Scale of impact across UK business sectors

The revaluation affects companies across all sectors, though property-intensive industries may face particular challenges. According to CompanyPulse data[1], the UK's largest business sectors by company count include real estate operations (437,438 companies in "other letting and operating of own or leased real estate"), management consultancy (271,860 companies), and property buying and selling (270,663 companies).

These property-focused sectors, representing over 830,000 companies combined, may face significant adjustments given their reliance on physical premises. The retail sector also shows substantial presence, with 205,132 companies operating in online and mail order retail[1].

Valuation Office integration signals administrative shift

The Valuation Office now operates within HMRC following its integration on 1 April 2026[2]. Dan Tomlinson, Exchequer Secretary to the Treasury, stated: "We are committed to building a tax system that works for UK businesses and taxpayers, and this integration is a key part of that transformation."[2]

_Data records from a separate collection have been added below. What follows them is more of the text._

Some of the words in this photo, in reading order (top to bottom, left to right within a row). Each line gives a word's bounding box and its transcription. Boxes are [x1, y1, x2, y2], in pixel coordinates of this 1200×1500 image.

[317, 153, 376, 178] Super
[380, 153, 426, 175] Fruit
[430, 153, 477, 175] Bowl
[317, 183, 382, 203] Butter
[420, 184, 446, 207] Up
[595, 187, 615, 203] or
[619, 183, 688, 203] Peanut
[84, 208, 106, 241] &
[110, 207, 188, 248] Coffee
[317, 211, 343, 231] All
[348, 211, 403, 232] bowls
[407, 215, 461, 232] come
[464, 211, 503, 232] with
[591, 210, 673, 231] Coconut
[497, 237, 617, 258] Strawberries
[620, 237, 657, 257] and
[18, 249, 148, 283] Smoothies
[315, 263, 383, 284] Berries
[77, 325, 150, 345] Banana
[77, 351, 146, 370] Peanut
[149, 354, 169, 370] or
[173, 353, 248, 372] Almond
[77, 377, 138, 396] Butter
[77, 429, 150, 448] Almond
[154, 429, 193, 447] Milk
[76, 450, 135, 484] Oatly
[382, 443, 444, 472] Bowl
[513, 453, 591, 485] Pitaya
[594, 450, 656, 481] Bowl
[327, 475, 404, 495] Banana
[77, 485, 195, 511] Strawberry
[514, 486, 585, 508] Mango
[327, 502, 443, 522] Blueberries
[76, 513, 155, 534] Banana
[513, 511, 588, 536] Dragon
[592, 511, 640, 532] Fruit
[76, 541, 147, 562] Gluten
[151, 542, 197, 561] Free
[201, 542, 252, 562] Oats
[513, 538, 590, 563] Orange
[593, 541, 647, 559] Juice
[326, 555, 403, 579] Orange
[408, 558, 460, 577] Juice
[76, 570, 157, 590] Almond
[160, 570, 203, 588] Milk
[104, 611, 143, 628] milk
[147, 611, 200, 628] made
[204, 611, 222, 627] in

The move aims to deliver between 5% to 10% of additional savings in Valuation Office administrative costs by the 2028 to 2029 tax year[2]. During 2025-26, property valuations supported the collection of more than £62 billion in Council Tax and business rates[2].

Compound pressures on business costs

The rates revaluation compounds existing cost pressures for businesses. The national minimum wage rose to £12.71 for over-21s on 1 April 2026, affecting around 2.7 million workers[3]. Workers aged 18-20 saw an 85p rise to £10.85, while under-18s and apprentices received a 45p increase to £8 per hour[3].

Spencer Bowman, managing director of Mettricks coffee shops in Southampton, told the BBC[3]: "There's nothing that I'd want more than to ensure that my team can earn a really fair amount of money for a fair day's work. And it's been one of my long-term ambitions to see hospitality workers, my employees, paid far more." However, he noted that "the cost increases have got to be sustainable"[3].

The hospitality sector, with 84,071 takeaway food shops and mobile food stands registered in the UK[1], faces the dual impact of higher wage bills and potentially increased property costs.

Existing financial distress in the business community

The new rates arrive as many companies already face financial difficulties. CompanyPulse data[1] shows 108,432 companies currently in liquidation, with another 16,345 in administration. A further 44,590 companies are under voluntary arrangements, while 307 are in receivership[1].

These 169,674 companies in various forms of insolvency procedures may find the additional burden of increased business rates particularly challenging as they attempt to restructure or wind down operations.

Looking ahead: Implementation and adaptation

The integration of the Valuation Office into HMRC represents part of what Angela MacDonald, HMRC's Second Permanent Secretary and Deputy Chief Executive, described as the organisation's "collective journey to improve customer service, modernise the way we work, close the tax gap, and accelerate digitalisation"[2].

With 5.6 million companies potentially affected by the revaluation[1], the coming months will likely see businesses across all sectors adjusting to their new rates bills. The combination of higher property costs, increased wage obligations, and existing economic pressures may particularly challenge companies in property-intensive sectors such as retail, hospitality, and real estate management.

Young workers like Ifunanya Ezechukwu, 25, believe businesses will adapt to higher costs. She told the BBC: "I feel like they're probably just going to up the prices of their services, so I don't think there'll be less job opportunities"[3]. However, this potential price inflation may create additional challenges for businesses competing in price-sensitive markets.

The full impact of the 2026 business rates revaluation will become clearer as companies receive their new bills and adjust their financial planning accordingly. With the Valuation Office now operating within HMRC's structure, businesses can expect a more integrated approach to property taxation, though the immediate focus remains on managing the transition to new rate levels.